[Saved data entries]
★ ★ ★ ★

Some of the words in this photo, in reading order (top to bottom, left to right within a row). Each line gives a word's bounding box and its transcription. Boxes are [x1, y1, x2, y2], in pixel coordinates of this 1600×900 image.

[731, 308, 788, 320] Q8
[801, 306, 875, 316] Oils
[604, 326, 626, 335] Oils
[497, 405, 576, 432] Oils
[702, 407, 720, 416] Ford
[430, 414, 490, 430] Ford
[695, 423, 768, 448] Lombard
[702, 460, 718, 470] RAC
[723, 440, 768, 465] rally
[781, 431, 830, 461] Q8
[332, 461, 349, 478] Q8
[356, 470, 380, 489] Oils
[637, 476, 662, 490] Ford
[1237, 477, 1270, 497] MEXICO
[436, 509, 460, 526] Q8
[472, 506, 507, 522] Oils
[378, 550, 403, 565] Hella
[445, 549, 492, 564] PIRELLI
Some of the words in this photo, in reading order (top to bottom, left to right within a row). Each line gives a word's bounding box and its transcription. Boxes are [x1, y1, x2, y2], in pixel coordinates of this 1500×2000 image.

★ ★ ★ ★

The task: Say each line again exactly as it appears above.

Exercise result:
Some of the words in this photo, in reading order (top to bottom, left to right within a row). Each line gives a word's bounding box and its transcription. Boxes are [x1, y1, x2, y2], in pixel coordinates of this 1600×900 image.

[731, 308, 788, 320] Q8
[801, 306, 875, 316] Oils
[604, 326, 626, 335] Oils
[497, 405, 576, 432] Oils
[702, 407, 720, 416] Ford
[430, 414, 490, 430] Ford
[695, 423, 768, 448] Lombard
[702, 460, 718, 470] RAC
[723, 440, 768, 465] rally
[781, 431, 830, 461] Q8
[332, 461, 349, 478] Q8
[356, 470, 380, 489] Oils
[637, 476, 662, 490] Ford
[1237, 477, 1270, 497] MEXICO
[436, 509, 460, 526] Q8
[472, 506, 507, 522] Oils
[378, 550, 403, 565] Hella
[445, 549, 492, 564] PIRELLI
Some of the words in this photo, in reading order (top to bottom, left to right within a row). Each line gives a word's bounding box and its transcription. Boxes are [x1, y1, x2, y2], in pixel coordinates of this 1500×2000 image.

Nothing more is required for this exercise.